How goes it?  It goes well with me, thanks for asking.  I haven’t posted in a while but that’s a good thing because the acting is going well and that tends to keep you busy.  Getting some good roles which I will elaborate on at a later time.  Right now I simply want to comment on the latest topical shitstorm pervading the Facebooks: Toronto Police unloaded on some kid with a knife who didn’t pose an immediate threat to them.  That use/abuse (depending on your POV) of lethal force can be viewed here.  Predictably, people have flocked to the police’s side or the side of the victim/perp,

Sammy Yatim_2
Sam Yatim.

Now obviously Sam Yatim wasn’t dressed like this nor was he a small child at the time police shot him.  Why then am I posting this picture?  Well, because as I scrolled through my newsfeed this picture caught my eye as it was the cover photo of a story relating to the shooting.  I felt this was kind of low; we witnessed this same sort of chicanery with Trayon recently, with his advocates posting pics of him as a child

Trayvon-Martin

to demonize his killer and now we see it happening again.  I don’t mean to take up the cause of the police and George Zimmerman here but posting these pics is no better than posting pics of Trayvon throwing up gangs signs as if the fact that he took some goofy pictures justifies his death.

Needless to say, both sets of pics miss the point.

Ultimately these pics only have relevance if one mires themselves in the limited debate of shooter vs. shot, reasonable vs excessive force, etc.  This is a pointless debate and my only evidence for this statement is that this is the debate on the mainstream news.
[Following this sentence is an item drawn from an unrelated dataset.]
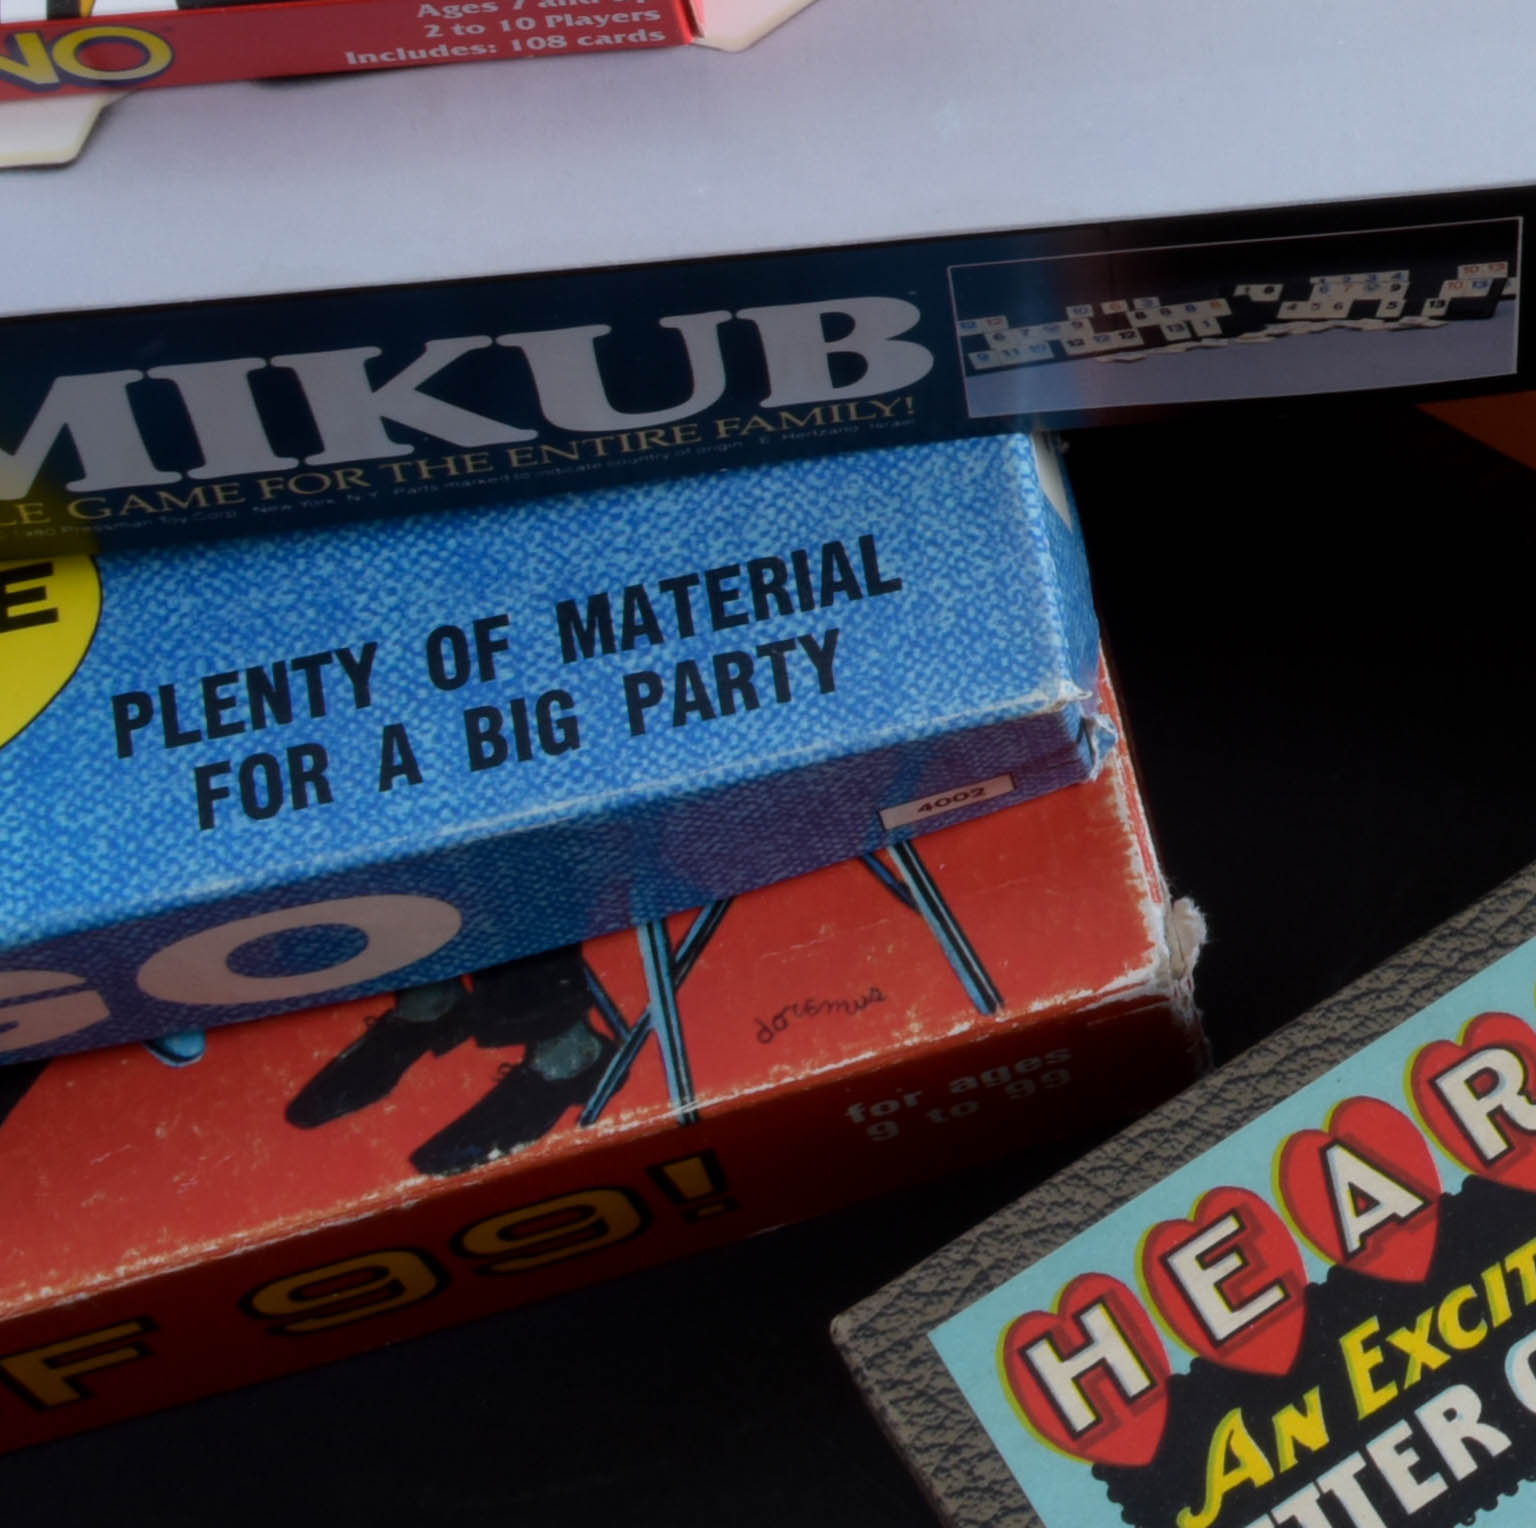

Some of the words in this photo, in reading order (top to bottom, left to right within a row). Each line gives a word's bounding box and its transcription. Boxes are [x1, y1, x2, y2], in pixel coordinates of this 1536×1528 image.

However, if one digs deeper these events can be mined for insight into the human condition.  I will endeavour to dig deeper:  Why does a childhood picture of an adult victim make us feel worse about their death?  I’m sure there are some genetic characteristics which make us more compassionate toward kid, but -wait, no, I’m being dishonest now.  That’s not really the line of inquiry I think is interesting.  What I find interesting is this:

normal_Pauly_Poo_as_a_kid

In case you’re curious, that’s a young Paul Bernardo, Canada’s most notorious murderer and rapist.  I doubt many feel any compassion for this guy and anyone posting his baby pics in an attempt to garner sympathy for him might actually face real physical harm (ironically, from well-adjusted people).  But I think it illustrates an interesting hypocrisy about which kids we are willing to forgive.  Advocates of Yatim play down the fact that he was carrying a knife (again, not choosing sides here) while the fact that Bernardo grew up in a physically and sexually abusive household was unknown to me and I had to look it up on Wikipedia.  But knowing that now, should we perhaps reconsider our round condemnation of Bernardo as evil?  Or perhaps abandon concepts like good and evil altogether?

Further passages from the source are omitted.